しかし、山崎貴監督は人間ドラマを描くのが不得手な人なので、その中に上手く織り込むことは出来ていない。ダメな邦画の典型的なパターンである「クドクドとした台詞だけで説明してしまう」という方法を取っている。
そりゃあ、ある程度は台詞を使わないと、テーマを表現することは難しいだろう。ただ、その全てが会話劇ではなく単独の台詞であり、それを喋る間は登場人物の行動が全てストップしまうので、ものすごくモタモタした印象になっている。
しかも、そういう類の台詞に附随すべきドラマが全く足りていないので、説明のための言葉だけが不恰好な形で浮き上がっているのである。

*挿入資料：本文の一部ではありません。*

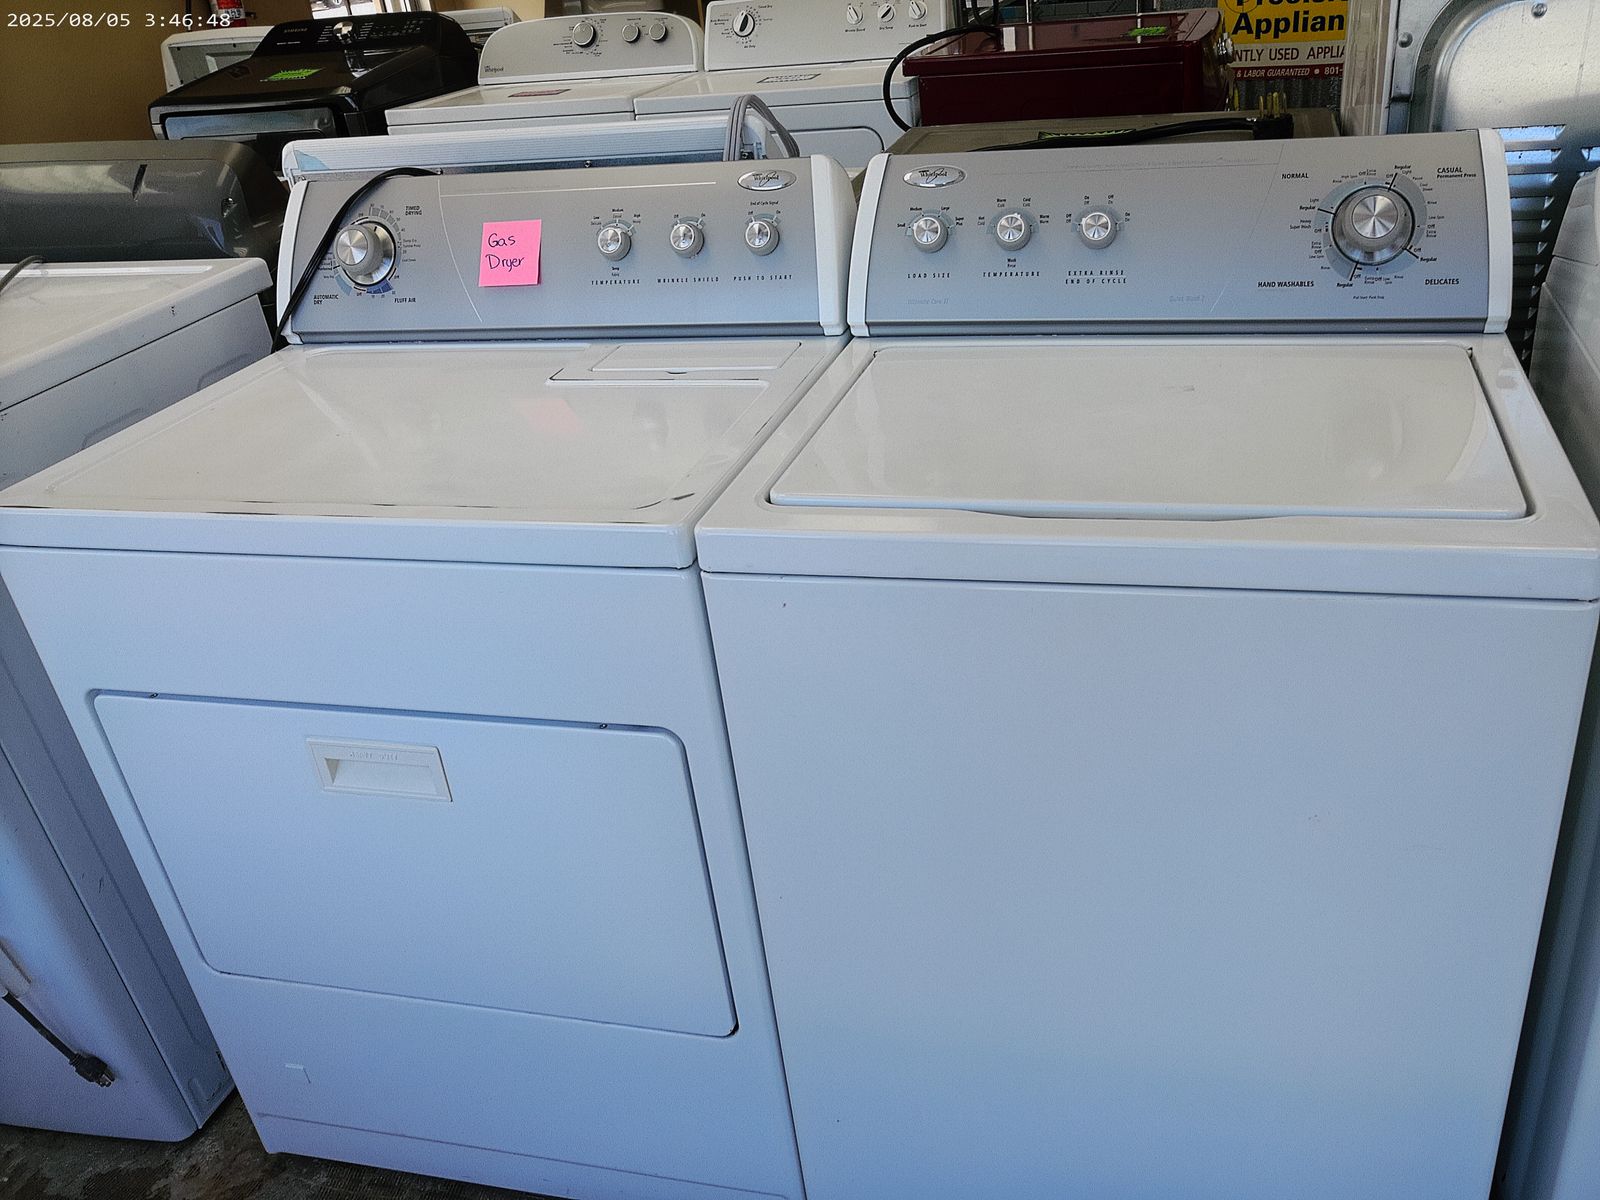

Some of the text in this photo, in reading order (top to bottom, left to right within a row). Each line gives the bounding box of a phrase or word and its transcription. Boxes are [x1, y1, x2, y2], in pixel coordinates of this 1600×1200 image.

しかも、田宮や広川の台詞によって「寄生生物と人間、どちらの方が本当に恐ろしい生物なのか」「人間と寄生生物の共存は可能なのか」「人間とは、どういう生物なのか」といった問い掛けが提示されているのに、それが上手く収束しないままで映画は終わってしまう。
明確な答えが必要不可欠というわけではなくて、観客に下駄を預けても構わない。
でも本作品の場合、そういう問題ではなくて、そもそも提示した問題とマトモに向き合えていないのだ。

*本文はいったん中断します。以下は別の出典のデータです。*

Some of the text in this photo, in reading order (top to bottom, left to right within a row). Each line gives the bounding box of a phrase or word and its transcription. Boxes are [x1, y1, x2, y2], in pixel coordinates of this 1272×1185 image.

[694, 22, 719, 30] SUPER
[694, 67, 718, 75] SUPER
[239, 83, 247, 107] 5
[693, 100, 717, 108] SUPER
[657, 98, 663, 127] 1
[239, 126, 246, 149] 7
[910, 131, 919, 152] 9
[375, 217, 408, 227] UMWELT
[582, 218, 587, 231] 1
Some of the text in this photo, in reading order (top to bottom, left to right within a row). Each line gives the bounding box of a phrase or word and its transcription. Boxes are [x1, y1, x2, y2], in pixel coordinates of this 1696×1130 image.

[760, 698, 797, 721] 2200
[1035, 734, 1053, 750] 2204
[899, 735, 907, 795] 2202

ただ原作にあった要素を適当に抽出し、適当に散りばめただけなのだ。

どうやら山崎貴監督は田宮良子というキャラクターに魅力を感じたようで、前篇から彼女の存在を重視しようという意識は強く感じられた。
その重心は後篇に入り、さらに傾きを増している。この作品の前半は、もはや田宮が主役じゃないのか、っていうか彼女を主役にすればいいんじゃないのかと思ってしまうほどだ。
出演時間だけを考えれば、もちろん新一が主役としての扱いになっている。
しかしキャラとしての存在感は、深津絵里の演技も手伝って、圧倒的に田宮の方が勝っている。

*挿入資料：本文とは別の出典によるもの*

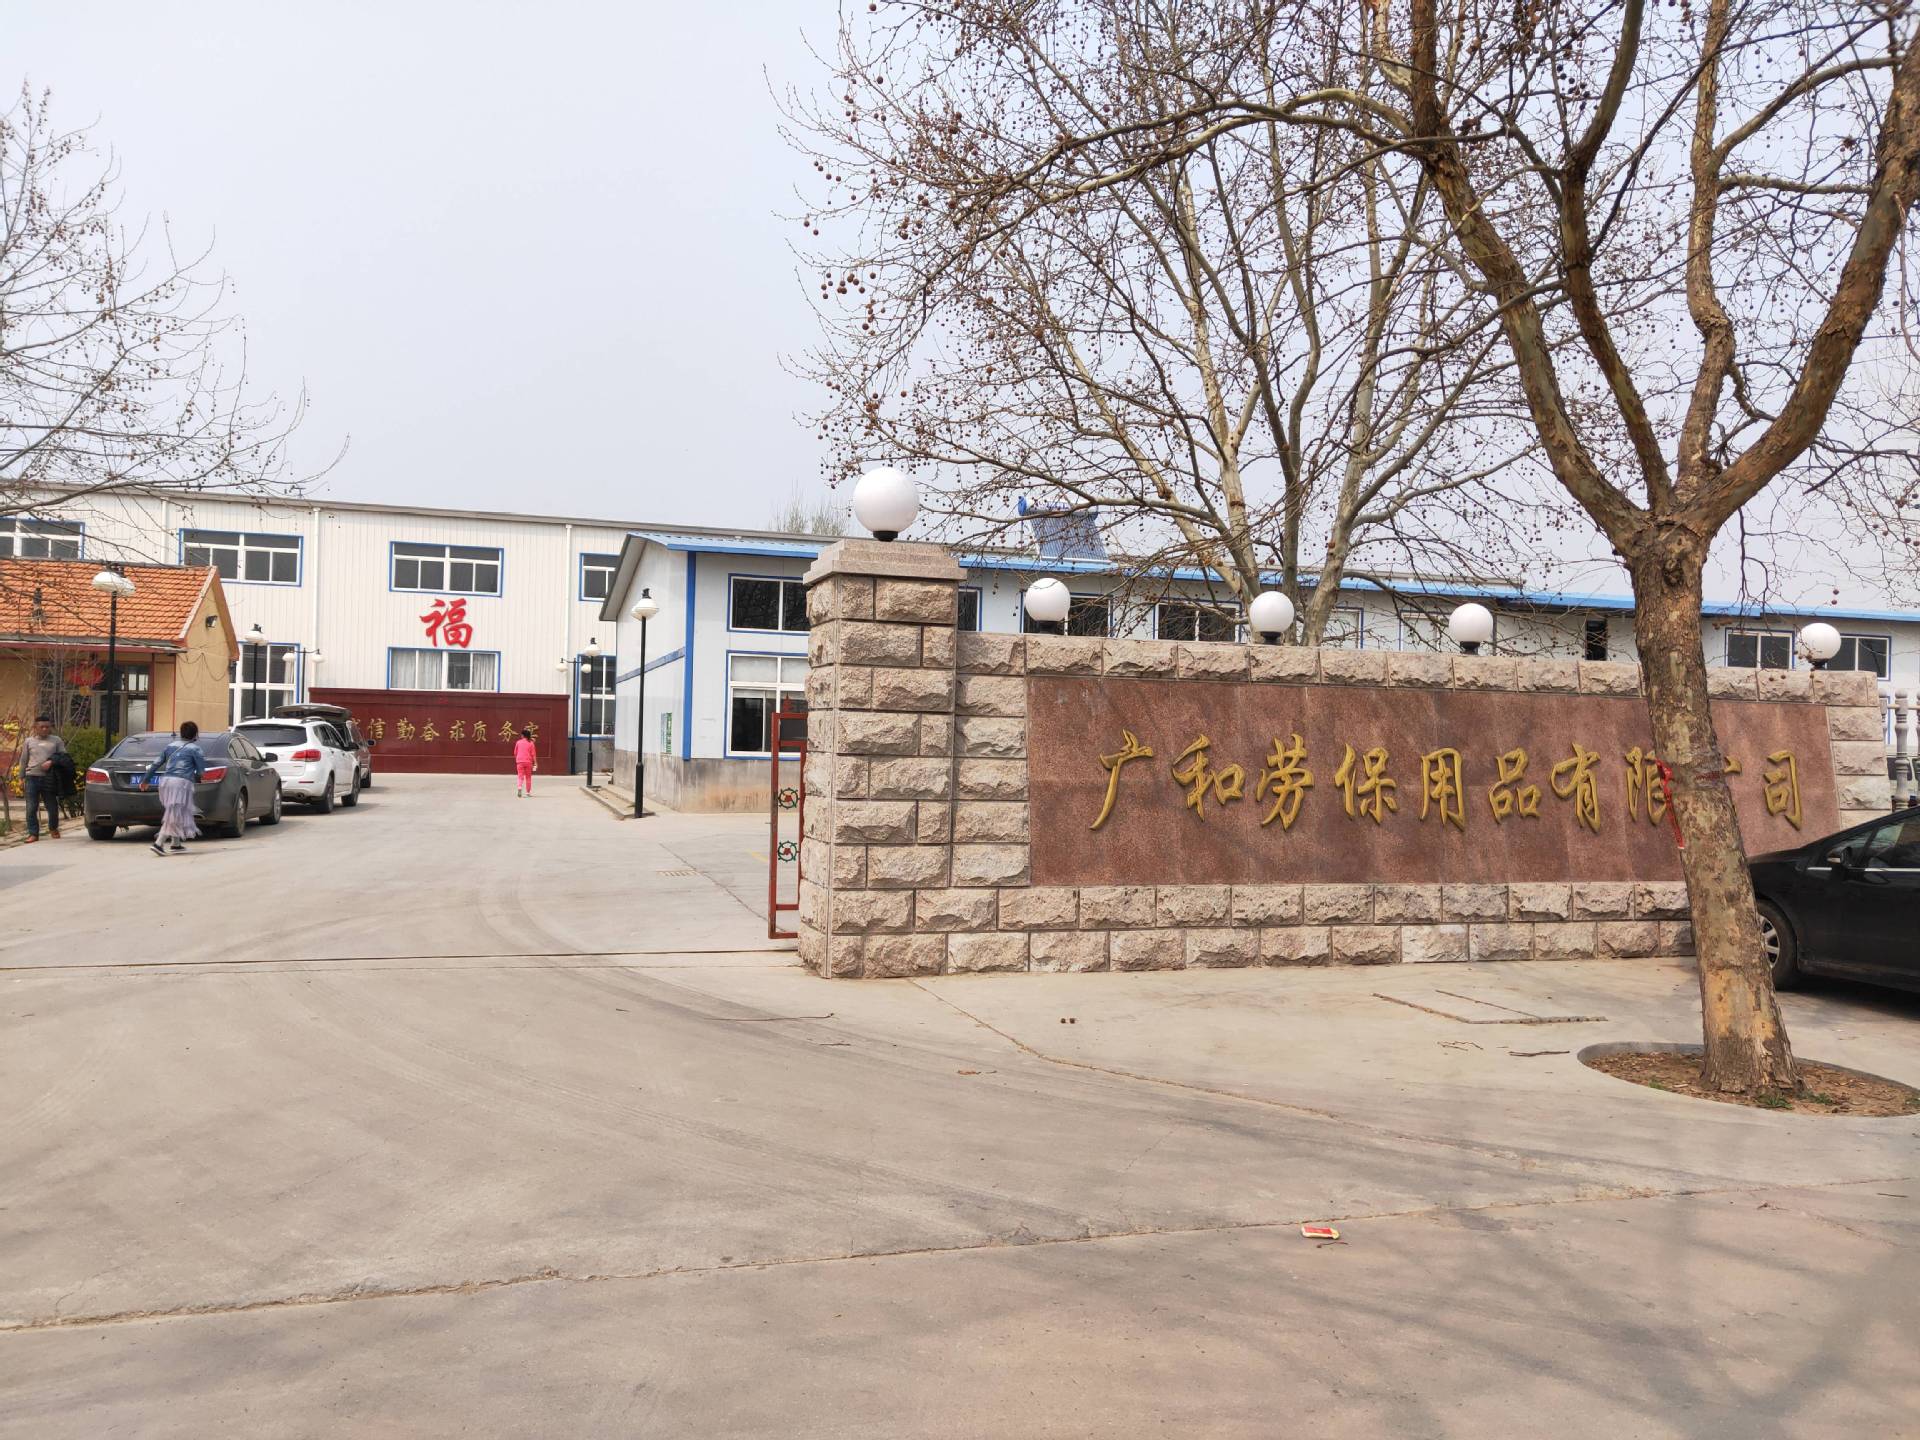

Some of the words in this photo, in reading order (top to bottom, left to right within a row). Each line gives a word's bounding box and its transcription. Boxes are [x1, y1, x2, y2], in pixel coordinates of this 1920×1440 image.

[419, 598, 473, 648] 福
[351, 717, 539, 742] 信勤奋求质务实
[1089, 729, 1801, 832] 广和劳保用品有限司

監督が思い入れのあるキャラクターの描写を充実させることは、決して悪いことではない。しかしながら、そのせいで映画のバランスが崩れてしまったらマズい。
そして田宮の扱いを大きくしたことによって、さらに困ったことが起きている。粗筋でも触れたように途中で田宮は絶命するのだが、彼女が消えると映画のパワーは一気に落ちるのだ。
もう市役所の戦いでは全員が始末される形にするか、もしくはバッサリとカットするか、あるいは先に処理しておいて、「田宮が新一に赤ん坊を預けて死ぬ」ってのをクライマックスにした方がいいんじゃないかと。
後はエピローグで終幕に向かった方が、よっぽど綺麗な着地になるんじゃないかと。